Now it was Labour's turn to become seriously taken with the idea once more - though not until the late 1980s. Complicated by party splits . . . It might have happened earlier were it not for the fact that at the start of the decade, PR became associated with the hated defectors - including Roy (now Lord) Jenkins - to the breakaway SDP. Changing the electoral system became the single policy most closely identified with the new party. But having lost its third general election in a row in 1987, the mood within Labour quickly changed. The Tories had, as in 1979 and 1983, again won a large parliamentary majority on less than 45% of the vote.
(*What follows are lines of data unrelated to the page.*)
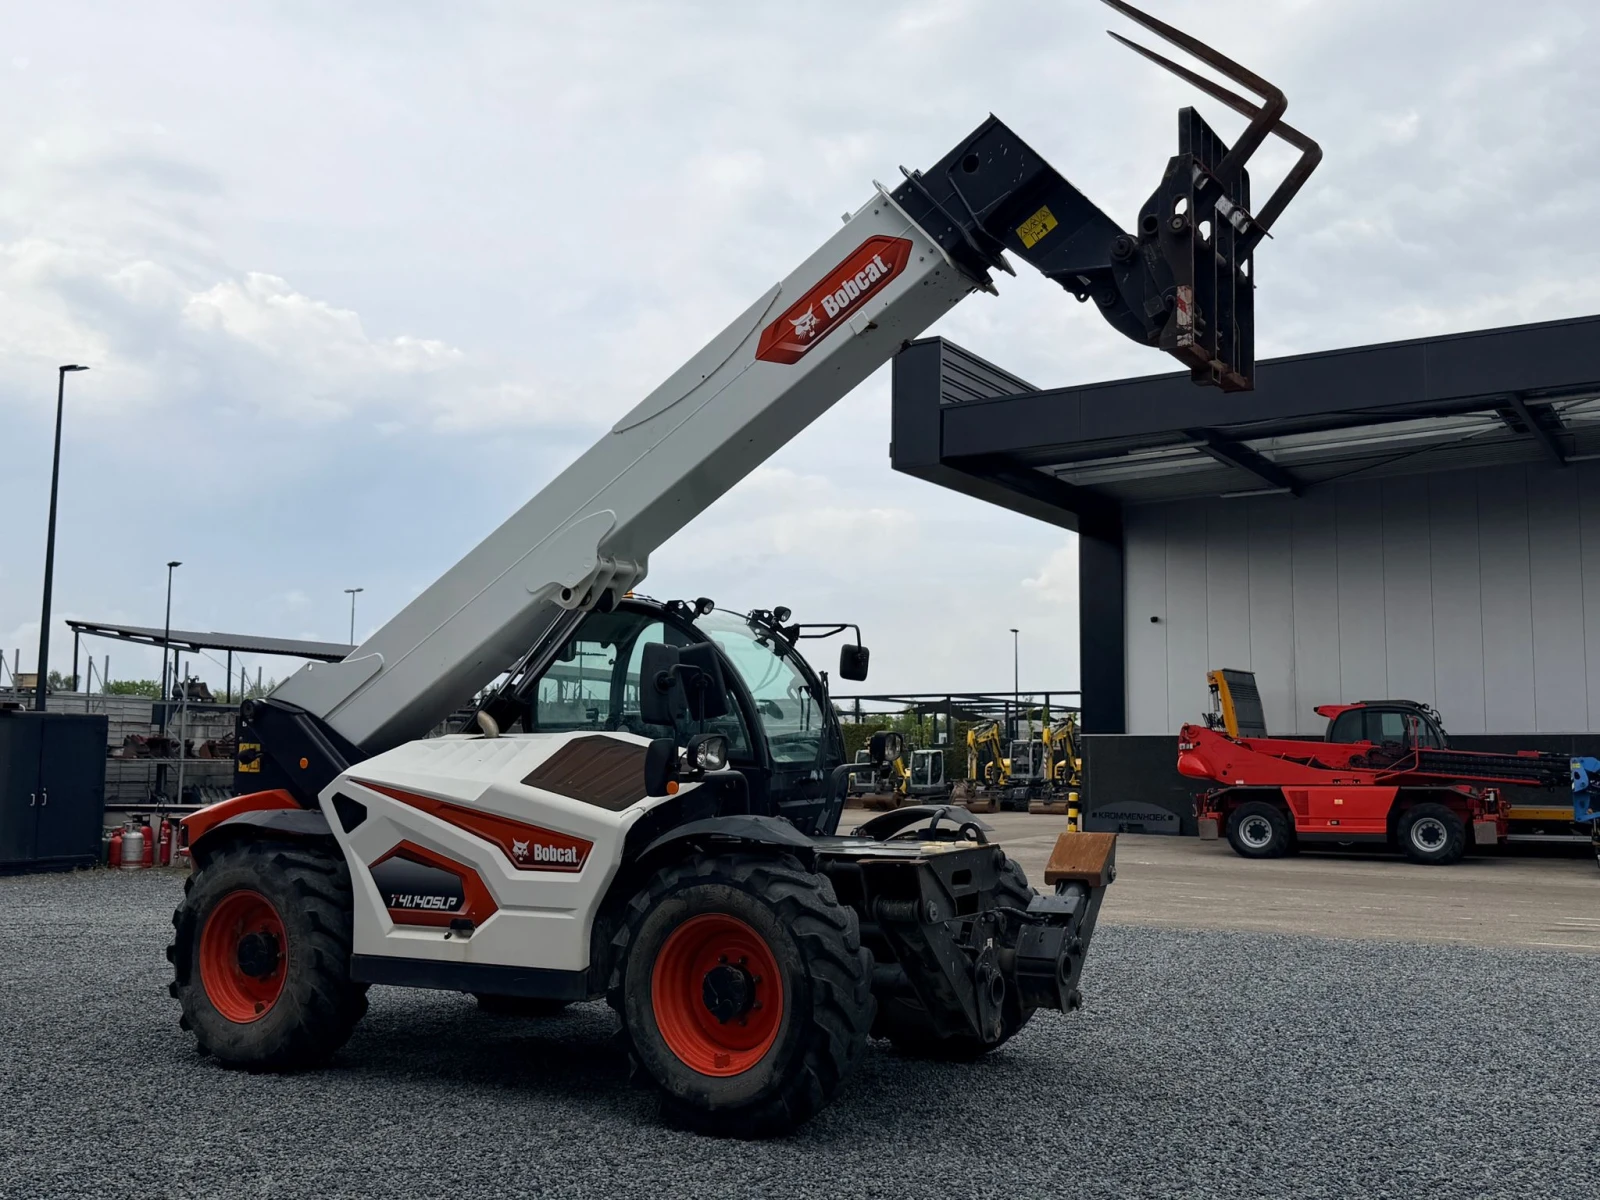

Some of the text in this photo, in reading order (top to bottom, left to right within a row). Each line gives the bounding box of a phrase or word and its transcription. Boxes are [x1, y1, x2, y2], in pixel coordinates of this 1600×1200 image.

[821, 254, 888, 319] Bobcat
[1098, 811, 1167, 821] KROMMENHOEK
[533, 843, 577, 863] Bobcat
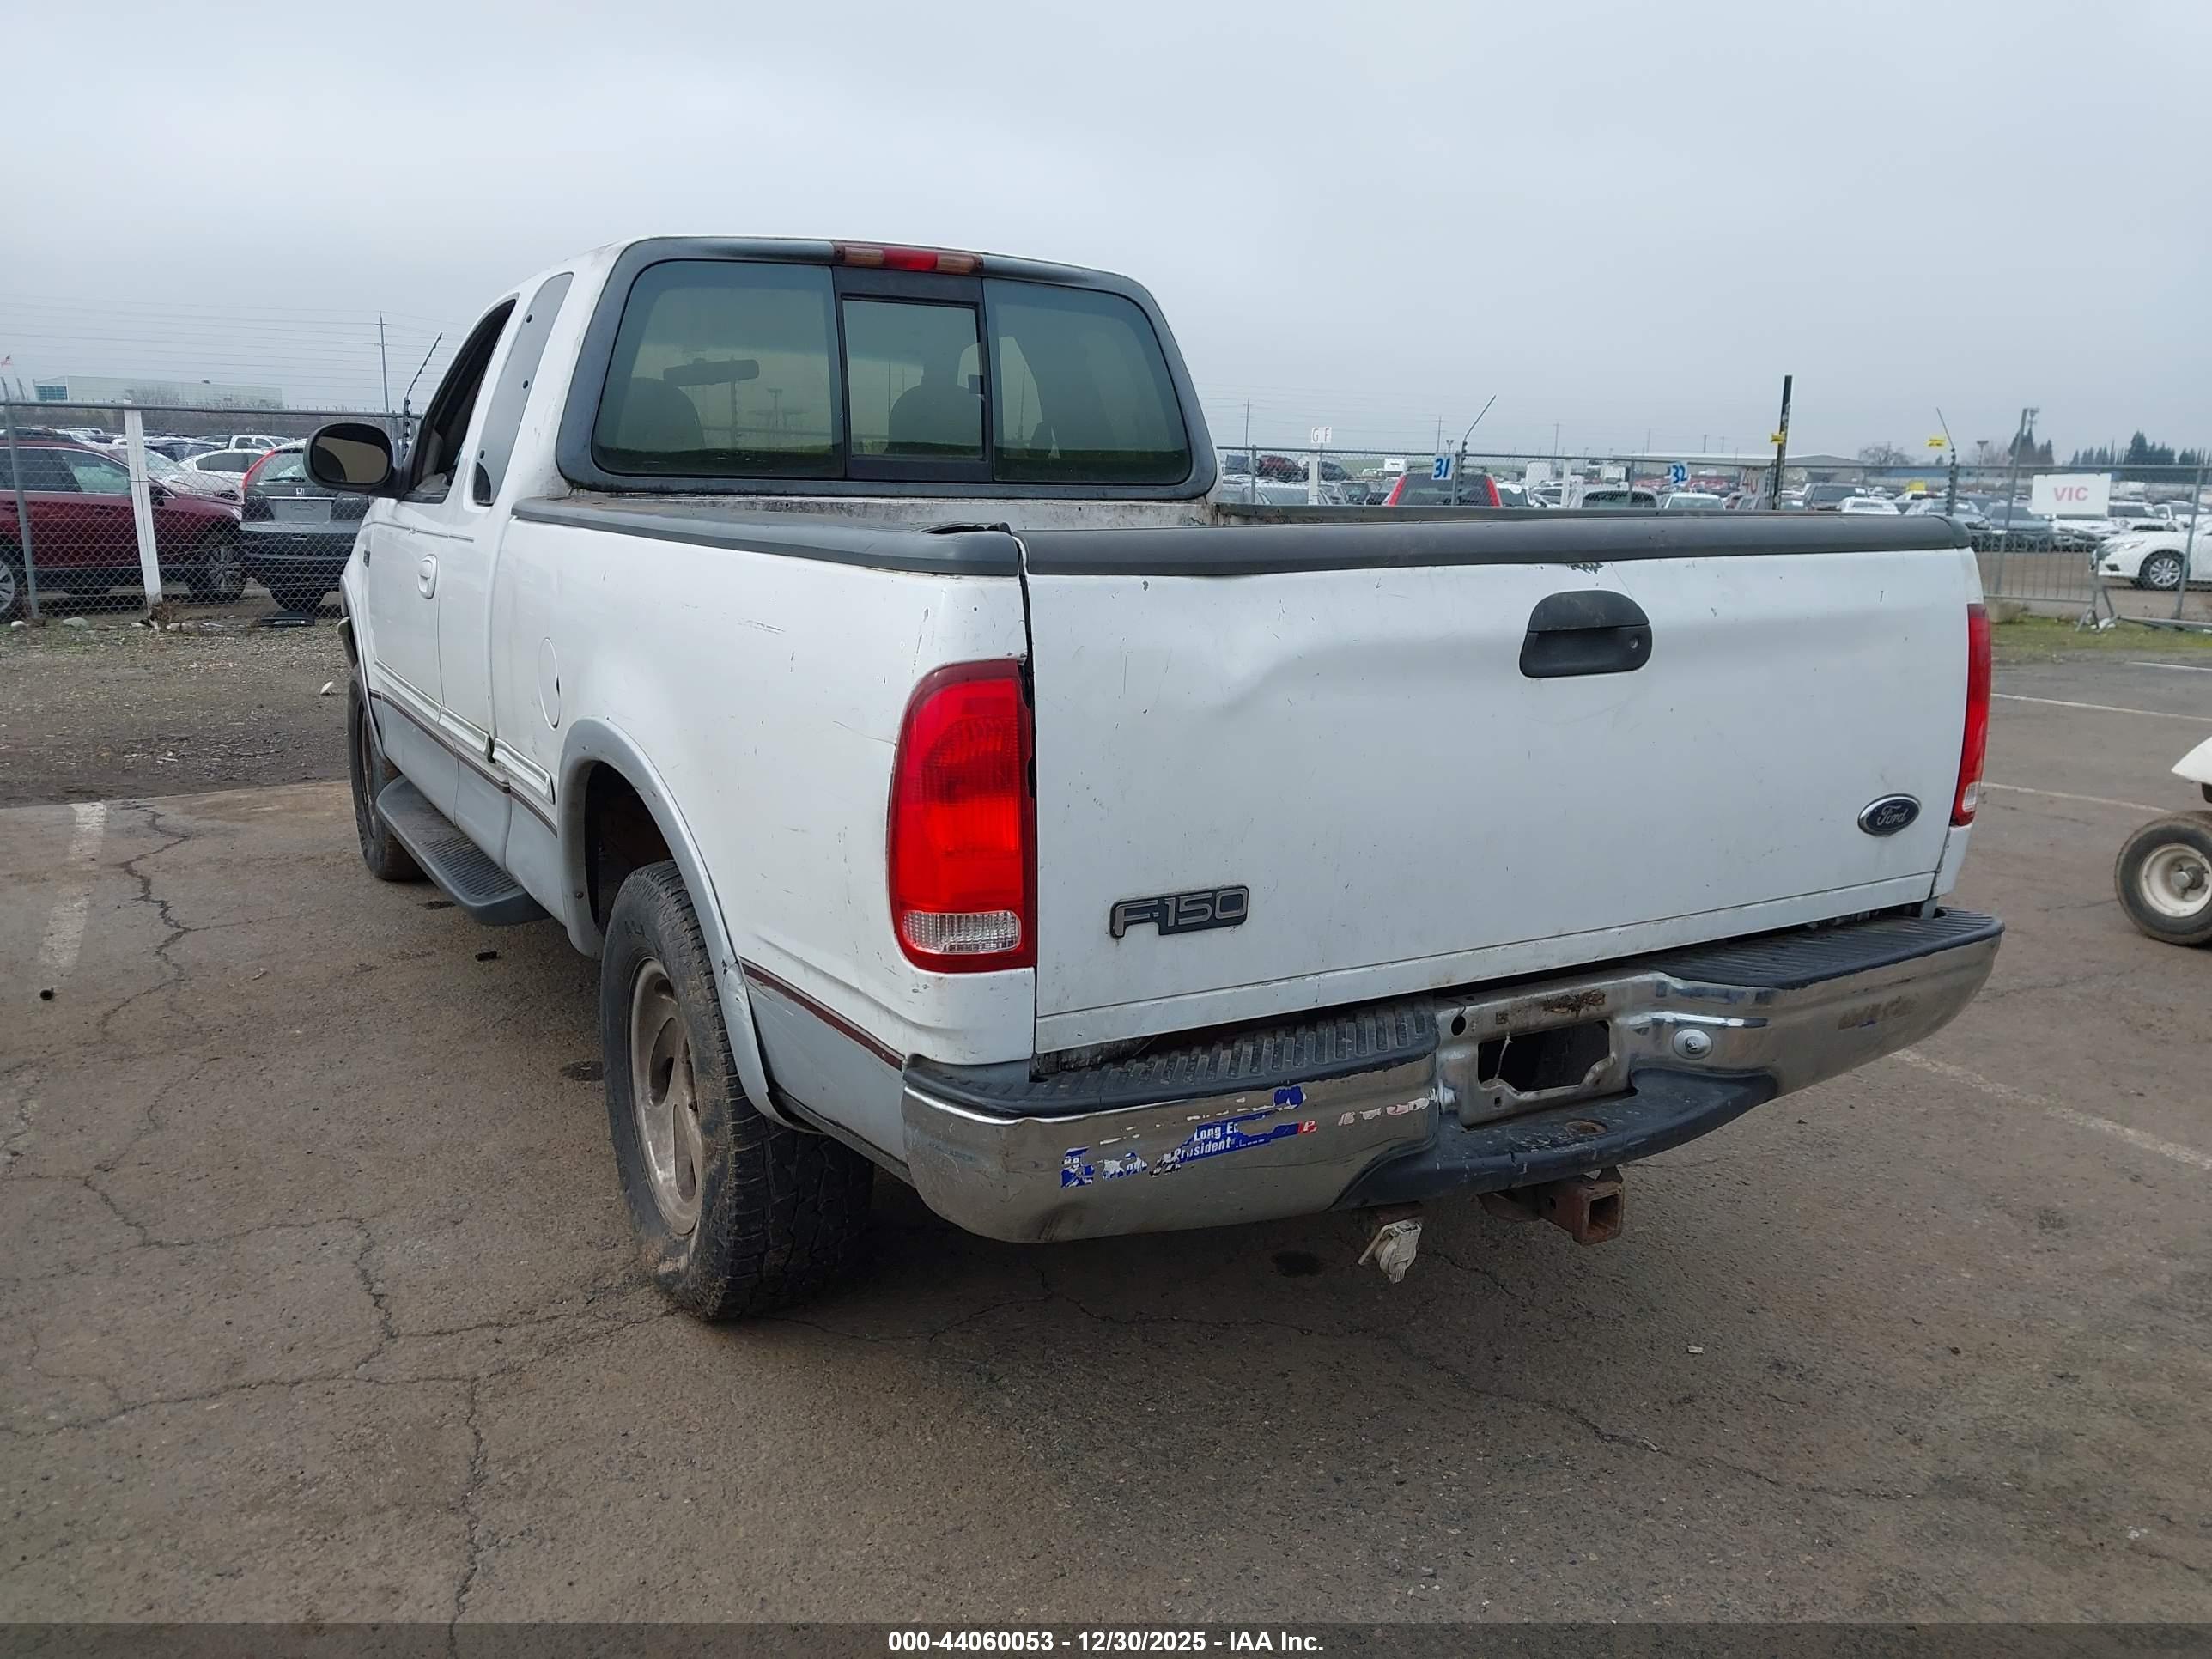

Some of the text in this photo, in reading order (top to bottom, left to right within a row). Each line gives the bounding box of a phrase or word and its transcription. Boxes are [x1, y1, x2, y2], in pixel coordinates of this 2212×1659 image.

[1312, 428, 1319, 442] G
[1433, 457, 1451, 478] 31
[1672, 465, 1687, 484] 32
[2053, 486, 2088, 502] VIC
[1877, 805, 1909, 826] Ford
[1113, 887, 1249, 937] F-150
[1194, 1126, 1222, 1143] Long
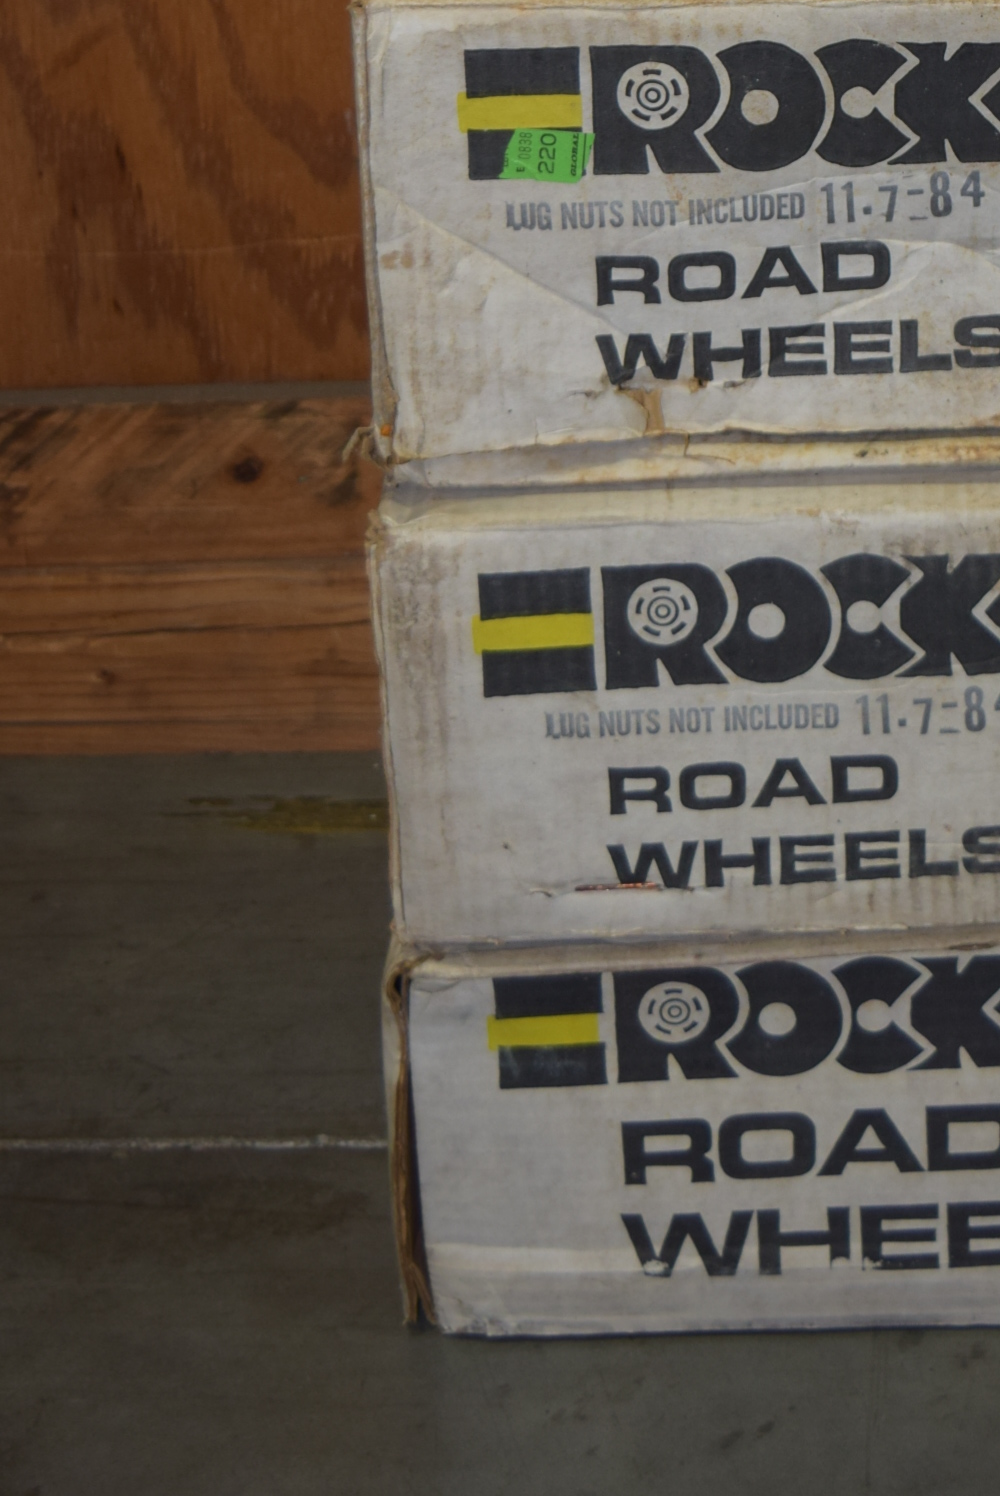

The Labour leadership was not immediately impressed. Indeed, then-Labour leader Neil Kinnock famously dismissed Charter 88 as chattering class "whiners and whingers". Within a few years he had joined them as a fully paid-up member. . . . And splits within parties Labour's new enthusiasm for electoral reform soon had an effect on party policy. Elections to the proposed Scottish Parliament could not, it was decided, be held under the first-past-the-post system. Labour also established a special committee, chaired by the academic Raymond (now Lord) Plant, to examine electoral systems for everywhere except the Commons.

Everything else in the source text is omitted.